-- Input data follows --
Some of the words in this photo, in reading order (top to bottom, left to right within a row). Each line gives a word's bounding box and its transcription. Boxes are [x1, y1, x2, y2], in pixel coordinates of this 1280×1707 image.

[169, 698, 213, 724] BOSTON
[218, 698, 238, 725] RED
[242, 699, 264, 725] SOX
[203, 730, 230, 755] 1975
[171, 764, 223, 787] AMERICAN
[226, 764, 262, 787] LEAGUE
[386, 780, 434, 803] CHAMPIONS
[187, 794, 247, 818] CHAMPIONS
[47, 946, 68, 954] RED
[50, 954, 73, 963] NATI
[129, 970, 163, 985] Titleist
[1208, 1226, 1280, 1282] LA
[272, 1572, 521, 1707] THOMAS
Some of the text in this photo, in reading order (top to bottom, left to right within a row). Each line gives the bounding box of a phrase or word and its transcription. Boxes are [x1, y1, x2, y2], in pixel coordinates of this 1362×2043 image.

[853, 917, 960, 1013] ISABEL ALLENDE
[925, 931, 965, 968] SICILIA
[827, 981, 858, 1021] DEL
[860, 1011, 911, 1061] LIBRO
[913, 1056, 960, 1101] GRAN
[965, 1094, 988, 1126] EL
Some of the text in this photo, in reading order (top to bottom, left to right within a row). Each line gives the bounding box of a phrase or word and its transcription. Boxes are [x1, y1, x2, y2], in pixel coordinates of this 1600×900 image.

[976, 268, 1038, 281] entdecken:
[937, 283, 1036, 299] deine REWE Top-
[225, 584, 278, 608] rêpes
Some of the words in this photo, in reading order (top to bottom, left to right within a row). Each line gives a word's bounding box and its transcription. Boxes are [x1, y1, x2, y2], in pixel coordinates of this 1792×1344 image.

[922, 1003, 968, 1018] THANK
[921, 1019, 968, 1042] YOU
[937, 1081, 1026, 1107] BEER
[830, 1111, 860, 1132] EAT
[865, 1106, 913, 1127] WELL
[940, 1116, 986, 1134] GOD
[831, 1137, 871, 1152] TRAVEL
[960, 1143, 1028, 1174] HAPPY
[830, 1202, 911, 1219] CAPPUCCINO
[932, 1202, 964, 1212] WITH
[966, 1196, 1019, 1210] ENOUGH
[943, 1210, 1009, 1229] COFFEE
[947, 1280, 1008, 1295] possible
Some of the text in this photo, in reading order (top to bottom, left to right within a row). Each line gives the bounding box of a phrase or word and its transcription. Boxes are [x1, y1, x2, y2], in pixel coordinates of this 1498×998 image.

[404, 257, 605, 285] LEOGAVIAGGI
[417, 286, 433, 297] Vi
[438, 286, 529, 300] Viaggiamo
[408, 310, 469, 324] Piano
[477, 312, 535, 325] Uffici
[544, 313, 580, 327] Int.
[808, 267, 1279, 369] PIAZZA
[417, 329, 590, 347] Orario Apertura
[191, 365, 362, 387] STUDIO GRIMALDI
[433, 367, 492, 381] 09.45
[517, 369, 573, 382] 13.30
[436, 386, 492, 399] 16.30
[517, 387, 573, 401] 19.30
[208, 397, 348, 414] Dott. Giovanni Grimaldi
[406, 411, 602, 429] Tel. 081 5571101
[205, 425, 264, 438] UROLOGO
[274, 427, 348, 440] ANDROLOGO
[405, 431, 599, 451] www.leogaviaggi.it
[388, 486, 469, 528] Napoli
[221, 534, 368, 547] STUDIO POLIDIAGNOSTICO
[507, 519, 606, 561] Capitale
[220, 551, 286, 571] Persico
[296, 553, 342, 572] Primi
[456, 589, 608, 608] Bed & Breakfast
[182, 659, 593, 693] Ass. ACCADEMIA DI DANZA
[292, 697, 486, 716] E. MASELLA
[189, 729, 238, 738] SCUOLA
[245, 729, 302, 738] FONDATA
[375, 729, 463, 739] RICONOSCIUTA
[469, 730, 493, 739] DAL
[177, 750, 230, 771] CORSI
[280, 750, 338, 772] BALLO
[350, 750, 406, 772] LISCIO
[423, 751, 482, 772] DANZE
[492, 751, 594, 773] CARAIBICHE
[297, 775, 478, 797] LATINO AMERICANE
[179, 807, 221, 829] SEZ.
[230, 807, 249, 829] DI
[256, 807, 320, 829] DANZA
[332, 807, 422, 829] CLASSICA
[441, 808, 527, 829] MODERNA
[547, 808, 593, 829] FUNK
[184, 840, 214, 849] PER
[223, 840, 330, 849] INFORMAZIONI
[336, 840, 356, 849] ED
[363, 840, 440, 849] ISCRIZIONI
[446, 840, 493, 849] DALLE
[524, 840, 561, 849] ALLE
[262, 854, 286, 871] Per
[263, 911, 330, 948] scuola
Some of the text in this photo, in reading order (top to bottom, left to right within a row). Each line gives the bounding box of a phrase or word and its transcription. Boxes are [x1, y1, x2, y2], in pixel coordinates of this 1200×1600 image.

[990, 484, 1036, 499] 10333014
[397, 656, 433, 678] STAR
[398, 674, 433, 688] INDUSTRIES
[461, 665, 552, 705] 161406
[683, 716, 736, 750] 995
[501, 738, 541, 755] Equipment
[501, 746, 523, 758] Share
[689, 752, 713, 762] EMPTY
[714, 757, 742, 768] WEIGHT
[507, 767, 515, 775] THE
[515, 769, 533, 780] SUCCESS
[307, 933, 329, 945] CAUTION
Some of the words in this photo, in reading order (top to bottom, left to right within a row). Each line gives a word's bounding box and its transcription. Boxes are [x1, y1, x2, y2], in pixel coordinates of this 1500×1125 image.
-- Input data concluded --
# [Exercise brief]
Give back the whole listing exactly as it reads.

# [Solved problem]
Some of the words in this photo, in reading order (top to bottom, left to right within a row). Each line gives a word's bounding box and its transcription. Boxes are [x1, y1, x2, y2], in pixel coordinates of this 1280×1707 image.

[169, 698, 213, 724] BOSTON
[218, 698, 238, 725] RED
[242, 699, 264, 725] SOX
[203, 730, 230, 755] 1975
[171, 764, 223, 787] AMERICAN
[226, 764, 262, 787] LEAGUE
[386, 780, 434, 803] CHAMPIONS
[187, 794, 247, 818] CHAMPIONS
[47, 946, 68, 954] RED
[50, 954, 73, 963] NATI
[129, 970, 163, 985] Titleist
[1208, 1226, 1280, 1282] LA
[272, 1572, 521, 1707] THOMAS
Some of the text in this photo, in reading order (top to bottom, left to right within a row). Each line gives the bounding box of a phrase or word and its transcription. Boxes are [x1, y1, x2, y2], in pixel coordinates of this 1362×2043 image.

[853, 917, 960, 1013] ISABEL ALLENDE
[925, 931, 965, 968] SICILIA
[827, 981, 858, 1021] DEL
[860, 1011, 911, 1061] LIBRO
[913, 1056, 960, 1101] GRAN
[965, 1094, 988, 1126] EL
Some of the text in this photo, in reading order (top to bottom, left to right within a row). Each line gives the bounding box of a phrase or word and its transcription. Boxes are [x1, y1, x2, y2], in pixel coordinates of this 1600×900 image.

[976, 268, 1038, 281] entdecken:
[937, 283, 1036, 299] deine REWE Top-
[225, 584, 278, 608] rêpes
Some of the words in this photo, in reading order (top to bottom, left to right within a row). Each line gives a word's bounding box and its transcription. Boxes are [x1, y1, x2, y2], in pixel coordinates of this 1792×1344 image.

[922, 1003, 968, 1018] THANK
[921, 1019, 968, 1042] YOU
[937, 1081, 1026, 1107] BEER
[830, 1111, 860, 1132] EAT
[865, 1106, 913, 1127] WELL
[940, 1116, 986, 1134] GOD
[831, 1137, 871, 1152] TRAVEL
[960, 1143, 1028, 1174] HAPPY
[830, 1202, 911, 1219] CAPPUCCINO
[932, 1202, 964, 1212] WITH
[966, 1196, 1019, 1210] ENOUGH
[943, 1210, 1009, 1229] COFFEE
[947, 1280, 1008, 1295] possible
Some of the text in this photo, in reading order (top to bottom, left to right within a row). Each line gives the bounding box of a phrase or word and its transcription. Boxes are [x1, y1, x2, y2], in pixel coordinates of this 1498×998 image.

[404, 257, 605, 285] LEOGAVIAGGI
[417, 286, 433, 297] Vi
[438, 286, 529, 300] Viaggiamo
[408, 310, 469, 324] Piano
[477, 312, 535, 325] Uffici
[544, 313, 580, 327] Int.
[808, 267, 1279, 369] PIAZZA
[417, 329, 590, 347] Orario Apertura
[191, 365, 362, 387] STUDIO GRIMALDI
[433, 367, 492, 381] 09.45
[517, 369, 573, 382] 13.30
[436, 386, 492, 399] 16.30
[517, 387, 573, 401] 19.30
[208, 397, 348, 414] Dott. Giovanni Grimaldi
[406, 411, 602, 429] Tel. 081 5571101
[205, 425, 264, 438] UROLOGO
[274, 427, 348, 440] ANDROLOGO
[405, 431, 599, 451] www.leogaviaggi.it
[388, 486, 469, 528] Napoli
[221, 534, 368, 547] STUDIO POLIDIAGNOSTICO
[507, 519, 606, 561] Capitale
[220, 551, 286, 571] Persico
[296, 553, 342, 572] Primi
[456, 589, 608, 608] Bed & Breakfast
[182, 659, 593, 693] Ass. ACCADEMIA DI DANZA
[292, 697, 486, 716] E. MASELLA
[189, 729, 238, 738] SCUOLA
[245, 729, 302, 738] FONDATA
[375, 729, 463, 739] RICONOSCIUTA
[469, 730, 493, 739] DAL
[177, 750, 230, 771] CORSI
[280, 750, 338, 772] BALLO
[350, 750, 406, 772] LISCIO
[423, 751, 482, 772] DANZE
[492, 751, 594, 773] CARAIBICHE
[297, 775, 478, 797] LATINO AMERICANE
[179, 807, 221, 829] SEZ.
[230, 807, 249, 829] DI
[256, 807, 320, 829] DANZA
[332, 807, 422, 829] CLASSICA
[441, 808, 527, 829] MODERNA
[547, 808, 593, 829] FUNK
[184, 840, 214, 849] PER
[223, 840, 330, 849] INFORMAZIONI
[336, 840, 356, 849] ED
[363, 840, 440, 849] ISCRIZIONI
[446, 840, 493, 849] DALLE
[524, 840, 561, 849] ALLE
[262, 854, 286, 871] Per
[263, 911, 330, 948] scuola
Some of the text in this photo, in reading order (top to bottom, left to right within a row). Each line gives the bounding box of a phrase or word and its transcription. Boxes are [x1, y1, x2, y2], in pixel coordinates of this 1200×1600 image.

[990, 484, 1036, 499] 10333014
[397, 656, 433, 678] STAR
[398, 674, 433, 688] INDUSTRIES
[461, 665, 552, 705] 161406
[683, 716, 736, 750] 995
[501, 738, 541, 755] Equipment
[501, 746, 523, 758] Share
[689, 752, 713, 762] EMPTY
[714, 757, 742, 768] WEIGHT
[507, 767, 515, 775] THE
[515, 769, 533, 780] SUCCESS
[307, 933, 329, 945] CAUTION
Some of the words in this photo, in reading order (top to bottom, left to right within a row). Each line gives a word's bounding box and its transcription. Boxes are [x1, y1, x2, y2], in pixel coordinates of this 1500×1125 image.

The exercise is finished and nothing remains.